UN agency faces overwhelming Syrian hunger
Sep 24, 2012, 5:13 PM
Associated Press
UNITED NATIONS (AP) – The number of Syrians needing food aid has shot upward five times in recent months as civil war rages across the country, the director of the United Nation’s food program on said Monday.
From 250,000 people in April, those facing hunger has grown to 1.5 million, according to the most recent assessment of the U.N.’s World Food Program, agency director Ertharin Cousin said. The U.N. has only managed to feed half that number so far, she said.
“If we don’t provide them with the food assistance that is required, they will go hungry,” Cousin said.
She said the World Food Program had raised $78 million, but needed an additional $60 million to cover the dramatic rise in those needing food. The U.N. provides food basics like flour and tea to families.

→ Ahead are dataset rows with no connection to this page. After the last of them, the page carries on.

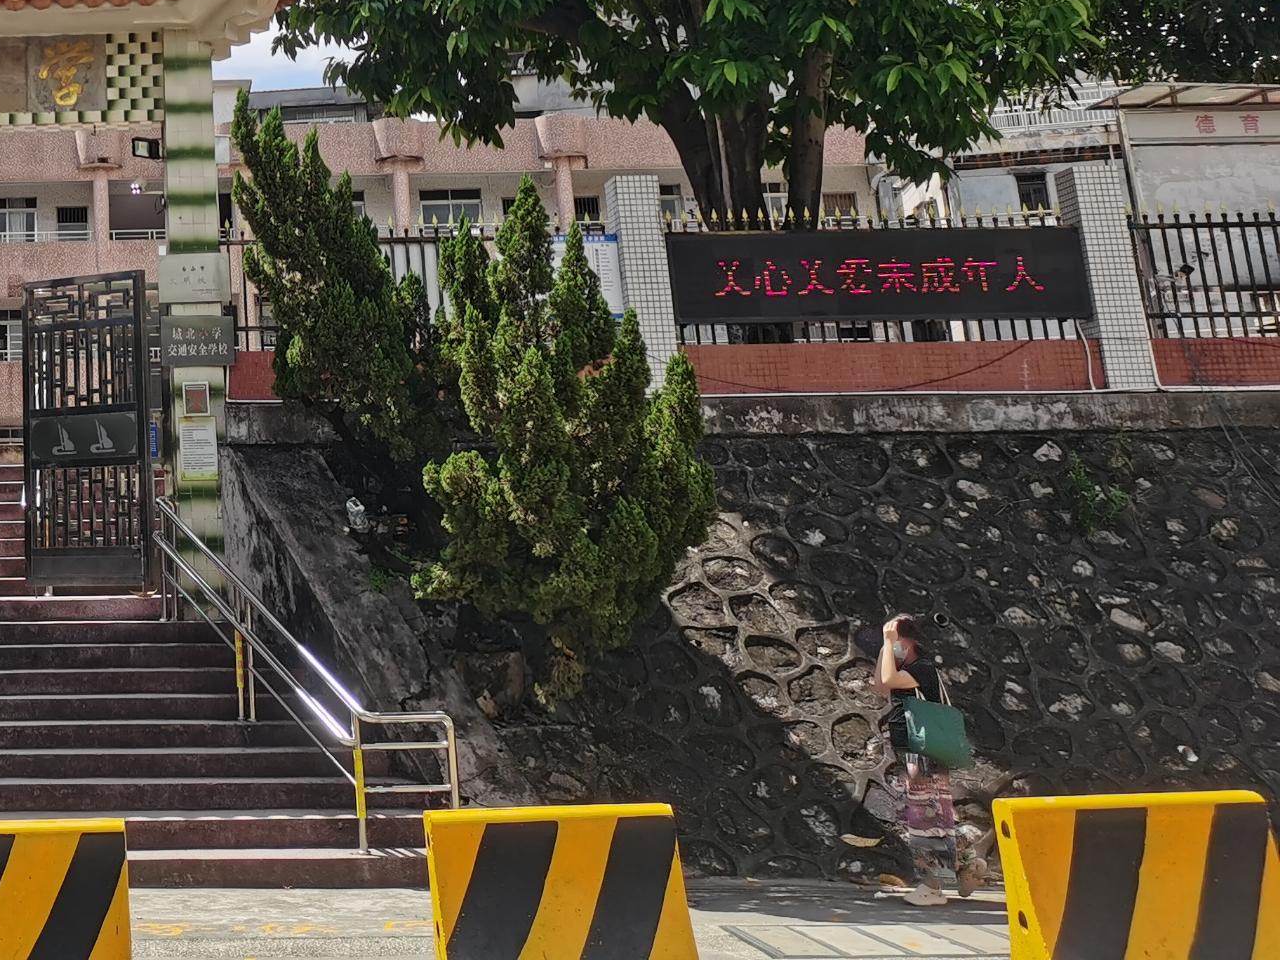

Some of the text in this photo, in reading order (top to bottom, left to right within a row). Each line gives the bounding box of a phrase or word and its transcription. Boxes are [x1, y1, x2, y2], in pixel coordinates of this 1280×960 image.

[1194, 114, 1260, 135] 德育
[167, 342, 228, 357] 交通安全学校
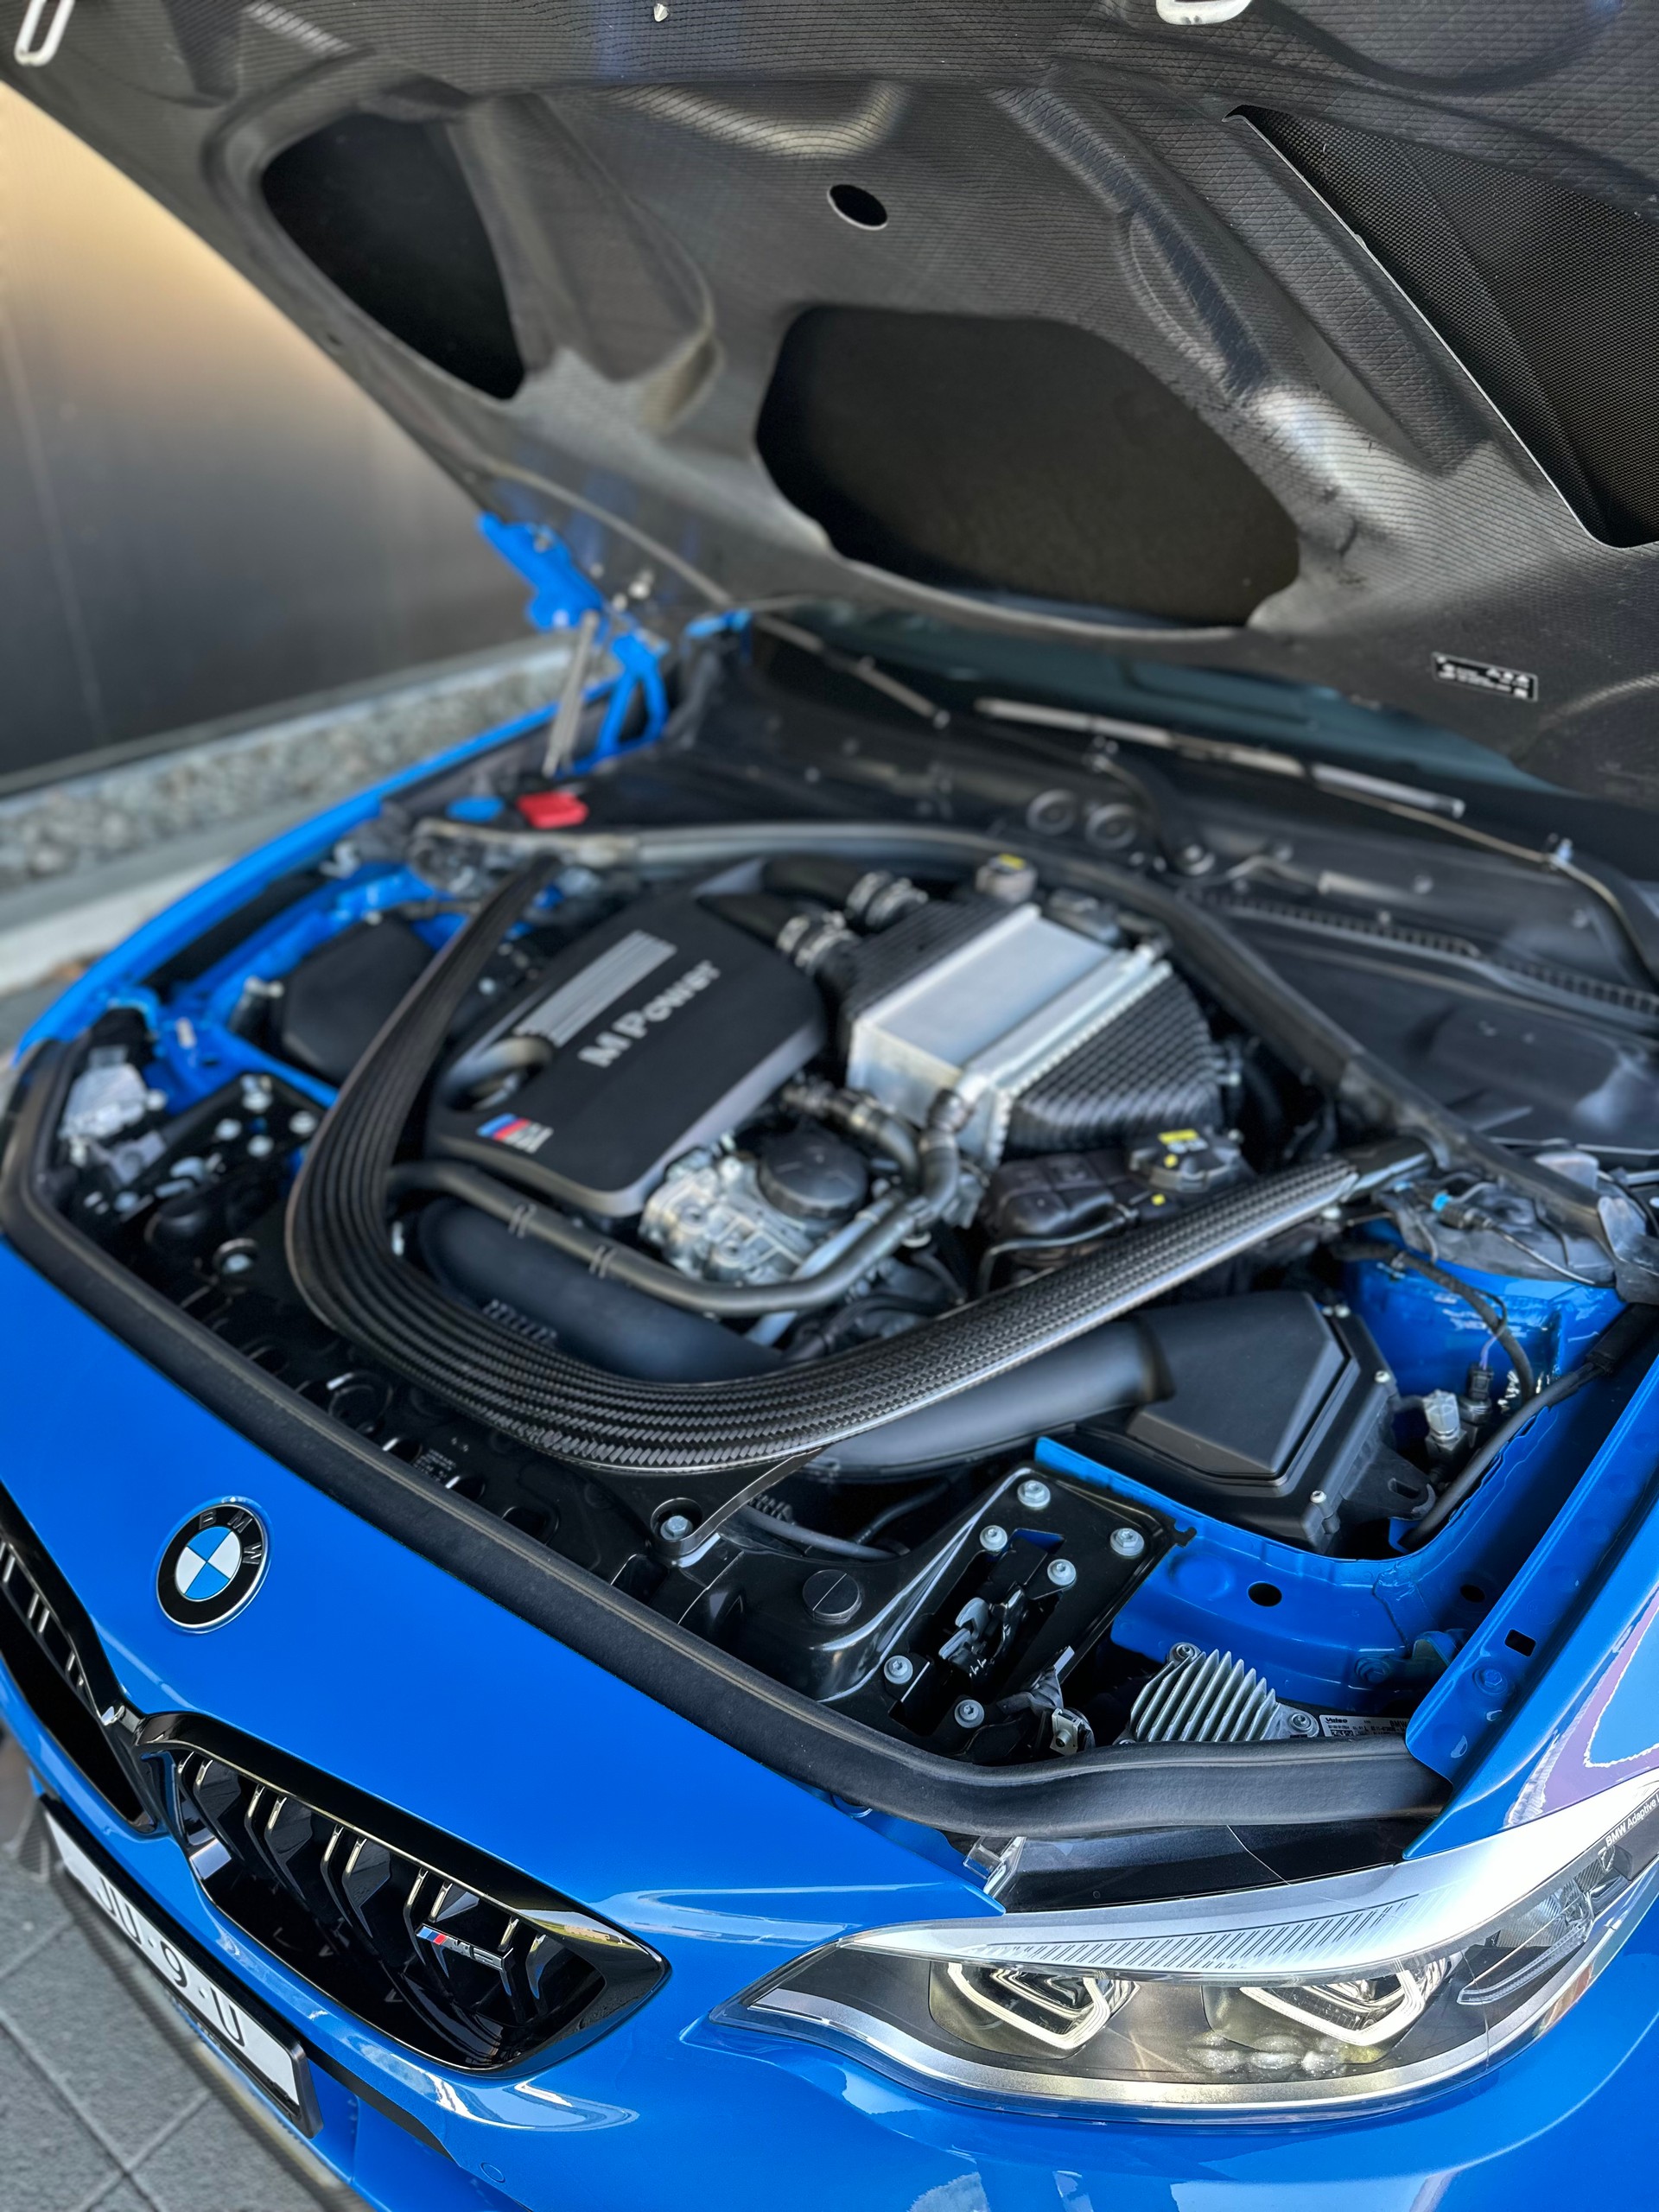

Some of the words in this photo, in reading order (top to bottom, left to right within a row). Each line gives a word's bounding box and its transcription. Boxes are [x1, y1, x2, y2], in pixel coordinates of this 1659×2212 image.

[578, 1032, 633, 1069] M
[613, 959, 721, 1039] Power
[198, 1509, 263, 1565] BMW
[1605, 1822, 1626, 1847] BMW
[1627, 1799, 1656, 1829] Adaptive

Cousin said the problem wasn’t that donors weren’t giving money, but that the number of people in need was outpacing funding. She said the crisis was likely to worsen as Syria’s wet, chilly winter rolls in.
The dramatic rise underscores how fighting across Syria has forced families to leave their homes with little hope of supporting themselves elsewhere. Many are living in schools in nearby towns.

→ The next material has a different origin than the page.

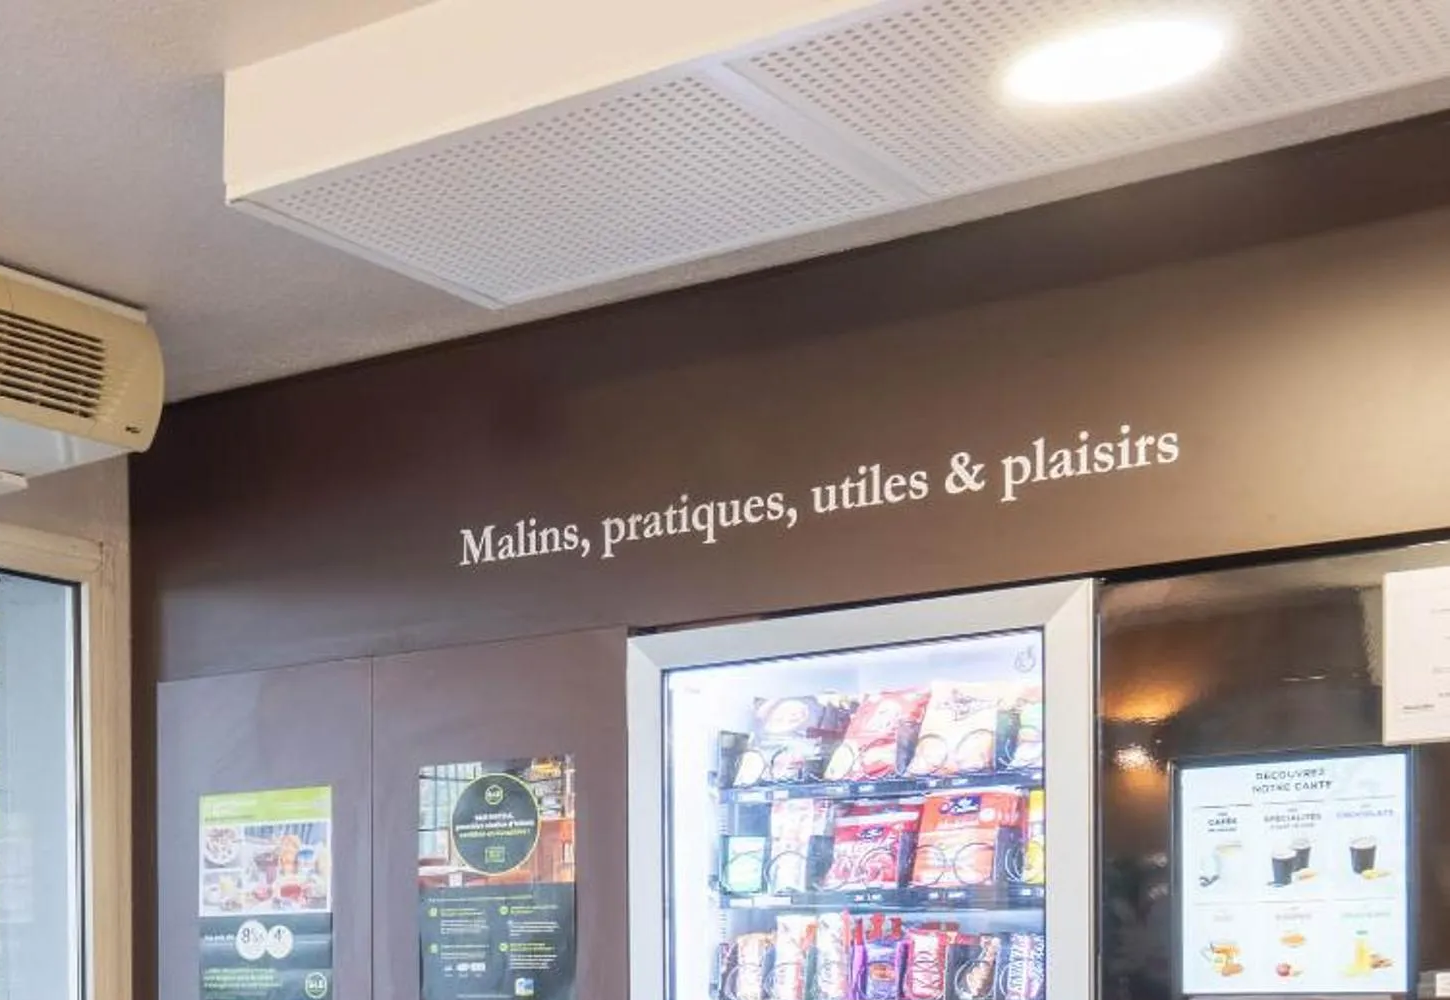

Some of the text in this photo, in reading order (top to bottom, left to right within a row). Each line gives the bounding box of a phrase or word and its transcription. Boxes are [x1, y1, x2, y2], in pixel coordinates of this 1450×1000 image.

[459, 423, 1180, 567] Malins, pratiques, utiles & plaisirs

Cousin said the agency was struggling to reach families in conflict areas in around the capital Damascus, and in the cities of Aleppo and Homs.
The U.N. also provides food and vouchers for 250,000 Syrian refugees in neighboring Jordan, Lebanon and Turkey.
She says donor countries also need to exert diplomatic pressure to ensure the Syrian government allows access to those in need.
Cousin praised donors for averting a famine in the drought-ridden Sahel area of West Africa, by quickly sending in aid that provided emergency nutrition to over 10 million people across Niger, Chad, Senegal and Burkina Faso. Conflict in Mali has also exacerbated the situation.
But she said they still needed to raise $228 million of $888 million dollars to ensure that millions of people could still obtain food aid before the next harvest season begins.
“We don’t know what the harvest will bring,” she said.